LO INVISIBLE ES ESENCIAL A LOS OJOS

El autor de El Principito estaba equivocado y en lugar de decir “lo esencial es invisible a los ojos”, debió decir “lo invisible es esencial a los ojos”. ¿Por qué digo esto?, se estarán preguntando ustedes. Les respondo a continuación.

Leo en la sección de “Cartas al director” del periódico El País correspondiente al día 4 de abril de 2016 una misiva firmada por un tal Carlos Vargas Escobar que lleva dándome vueltas en la cabeza desde que la leí el lunes, de esto hoy hace 8 días. En ella, el señor Vargas da un repasito a los medios de comunicación de masas (no confundir el término “masa” con peso ni con sustancia, aunque un poco sustancia espesa sí que tienen) por ensalzar en demasía los méritos del fallecido futbolista Johan Cruyff (muy justificados, por otra parte) frente al no aprecio mostrado por el deceso de otra persona que, al igual que ustedes (supongo), tampoco conocerán como yo antes tampoco conocía.

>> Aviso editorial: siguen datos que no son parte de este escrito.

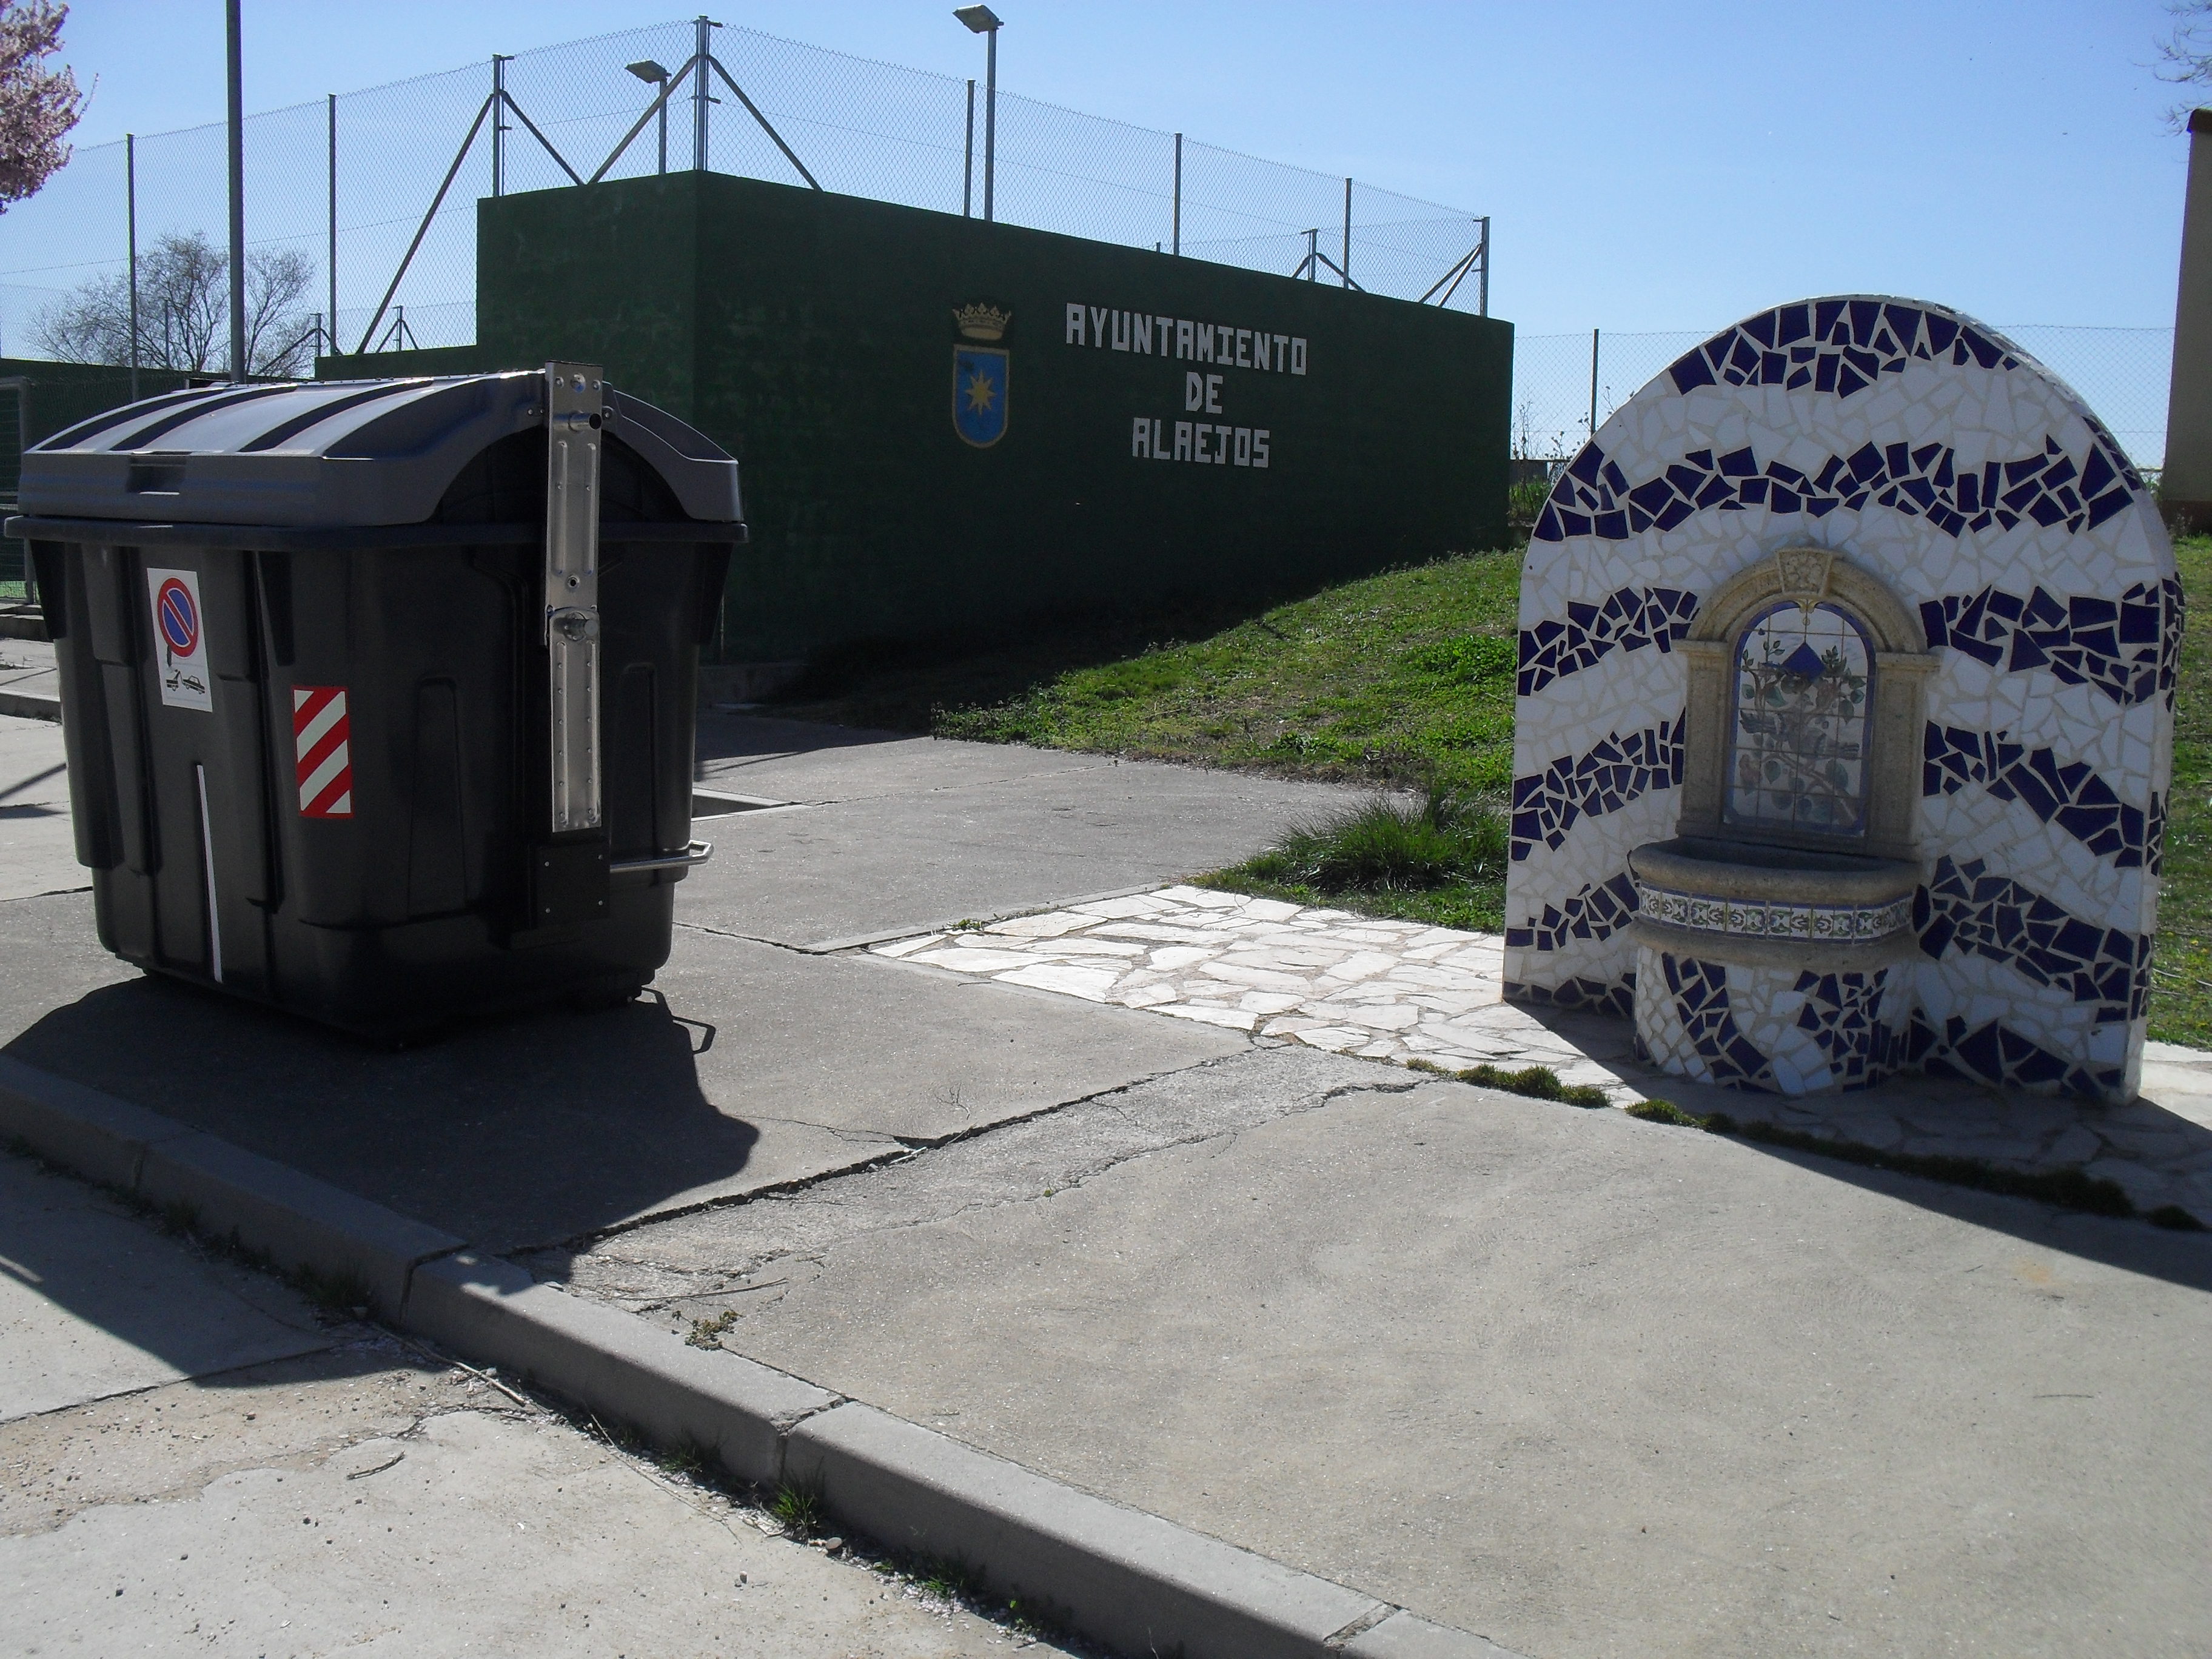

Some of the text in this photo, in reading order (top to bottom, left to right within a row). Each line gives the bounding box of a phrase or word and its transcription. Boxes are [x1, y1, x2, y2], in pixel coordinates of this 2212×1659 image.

[1066, 303, 1307, 375] AYUNTAMIENTO
[1185, 371, 1223, 414] DE
[1132, 417, 1270, 468] ALAEJOS
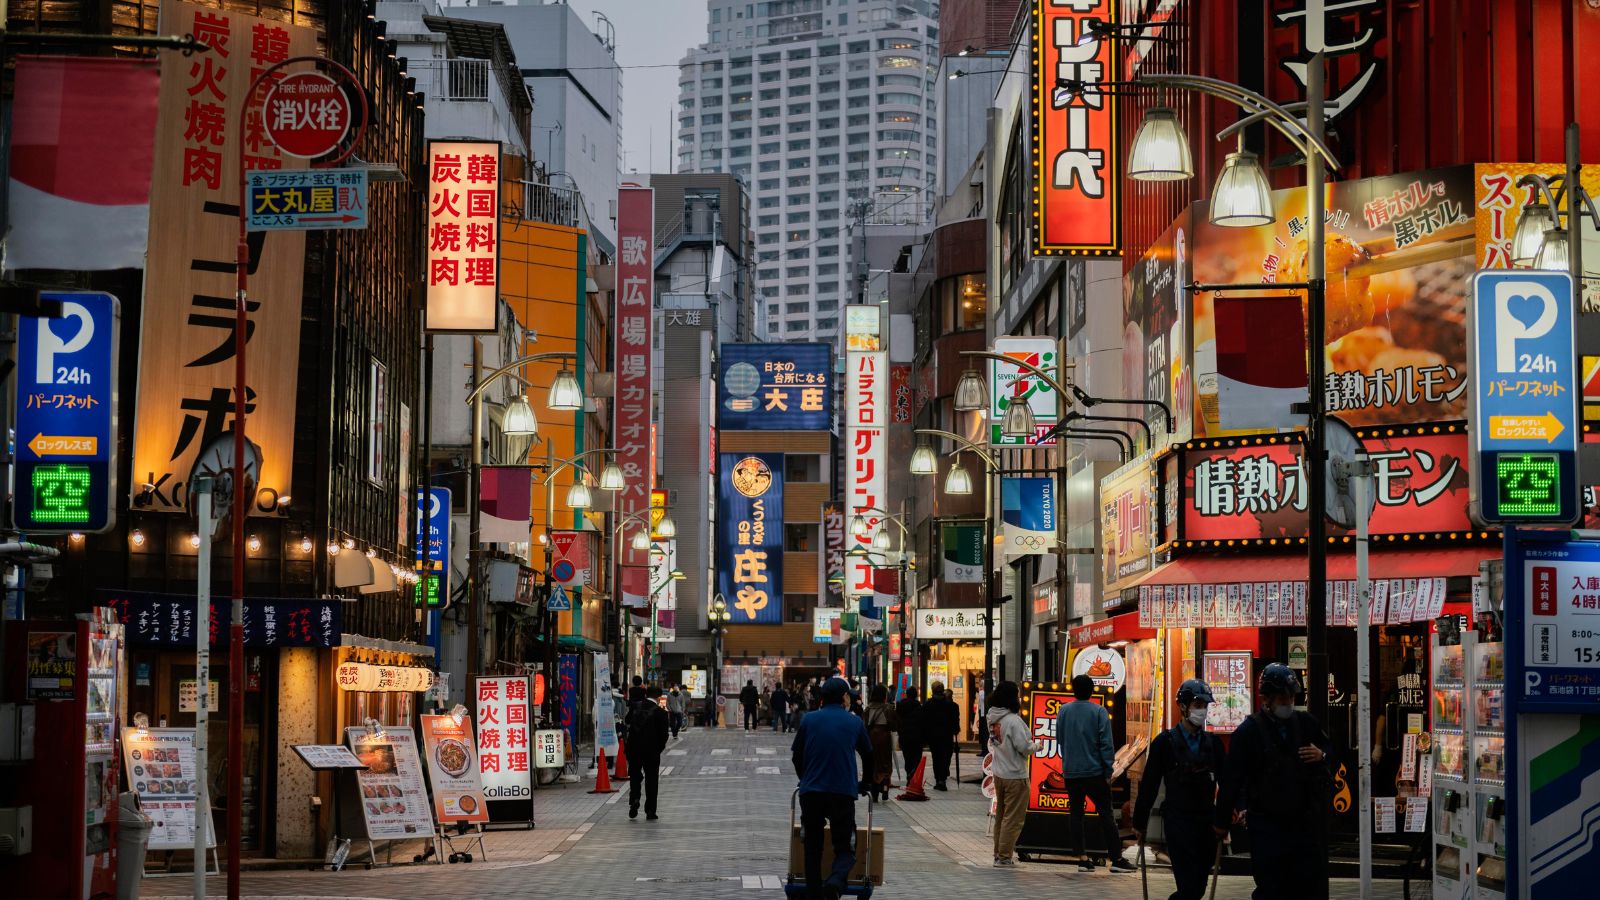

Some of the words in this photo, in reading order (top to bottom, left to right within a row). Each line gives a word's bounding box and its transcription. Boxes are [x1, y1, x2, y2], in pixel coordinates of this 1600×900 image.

[183, 11, 231, 190] 炭火焼肉
[279, 84, 296, 93] FIRE
[299, 84, 334, 94] HYDRANT
[272, 98, 342, 131] 消火栓
[254, 187, 335, 214] 大丸屋
[338, 187, 363, 211] 買入
[252, 215, 295, 226] ここ入る
[430, 153, 461, 286] 炭火焼肉
[465, 153, 497, 286] 韓国料理
[667, 310, 701, 326] 大雄
[55, 366, 91, 385] 24h
[764, 361, 796, 373] 日本の
[1518, 354, 1558, 374] 24h
[774, 372, 826, 385] 台所になる
[858, 356, 875, 424] パチスロ
[1487, 379, 1566, 398] パークネット
[26, 393, 100, 410] パークネット
[764, 388, 824, 412] 大庄
[31, 464, 91, 523] 空
[1195, 448, 1459, 516] 情熱ホモン
[1497, 453, 1558, 513] 空
[1042, 483, 1051, 509] TOKYO
[752, 499, 765, 545] くつろぎ
[1043, 510, 1052, 529] 2020
[733, 548, 768, 620] 庄や
[1571, 594, 1600, 609] 4時
[138, 610, 150, 634] チキン
[349, 666, 359, 685] 炭火
[479, 681, 501, 773] 炭火焼肉
[505, 680, 528, 773] 韓国料理
[544, 733, 555, 764] 豊田屋

El enfado del señor Vargas con la prensa (más justificado si cabe que los méritos del futbolista Johan Cruyff) viene dado por el poco aprecio que disponemos los españoles y españolas a quienes más aprecio nos disponen. En este caso, por el no aprecio mostrado por el gremio periodístico hacia el profesor FRANCISCO ESCOBAR DEL REY (lo pongo con mayúsculas porque se lo merece), quien falleció el 16 de diciembre de 2015 a la edad de 92 años. ¿Y quién era?, se estarán preguntando muchos de ustedes. Él y su mujer, GABRIELA MORREALE (también mayúscula mujer) han pasado más de medio siglo consagrados a la ciencia, a la medicina y al amor que profesaban el uno por el otro. ¿Y qué tiene eso de especial frente a la Medalla de Oro de la Real Orden del Mérito Deportivo concedida a Johan Cruyff?, se estarán preguntando una vez más. Les respondo nuevamente. Tanto GABRIELA MORREALE como su marido FRANCISCO ESCOBAR DEL REY, fueron los precursores de un programa nacional de prevención infantil de la subnormalidad por hipotiroidismo congénito basado en la prueba del talón (todos los padres sin excepción sabrán a qué prueba me refiero) que permite el diagnóstico precoz y un tratamiento que, de no ser así, derivaría en el desarrollo inevitable de deficiencias mentales profundas en nuestros hijos recién nacidos. Según estadísticas médicas, este descubrimiento previene el retraso mental grave de unos 150 niños al año, tan sólo en España, ya que dicha prueba es casi universal. Una vez dicho esto, es comprensible el rebote del señor Vargas al no apreciar en ningún medio de comunicación de tirada nacional (excluyo a los deportivos que van a lo suyo) una extensa mención al fallecimiento de quien sin su ayuda, muchos de los niños nacidos a partir de mediados de los 70 (entre los que me incluyo) podríamos haber sido incapaces de escribir este artículo (en mi caso) o de leerlo (en el suyo). No hace falta ser padre, madre, tío, tía, padrino o madrina para tomar conciencia de lo que ha supuesto para nuestros hijos, sobrinos y ahijados el trabajo médico de la pareja MORREALE/ESCOBAR desde hace 40 años. Por esa razón, la noticia del fallecimiento del profesor ESCOBAR DEL REY debía haber ocupado la portada de todos los periódicos junto a la de Cruyff, aunque la de este último sólo en la prensa deportiva, que es lo suyo.

Tal y como dice el señor Vargas en su carta al director de El País, “si nadie conoce a los héroes que hacen todo lo posible por evitar enfermedades a nuestros hijos, ¿a qué héroes imitarán cuando sean adultos?”

Ahí lo dejo para que lo mediten mientras leen el Marca.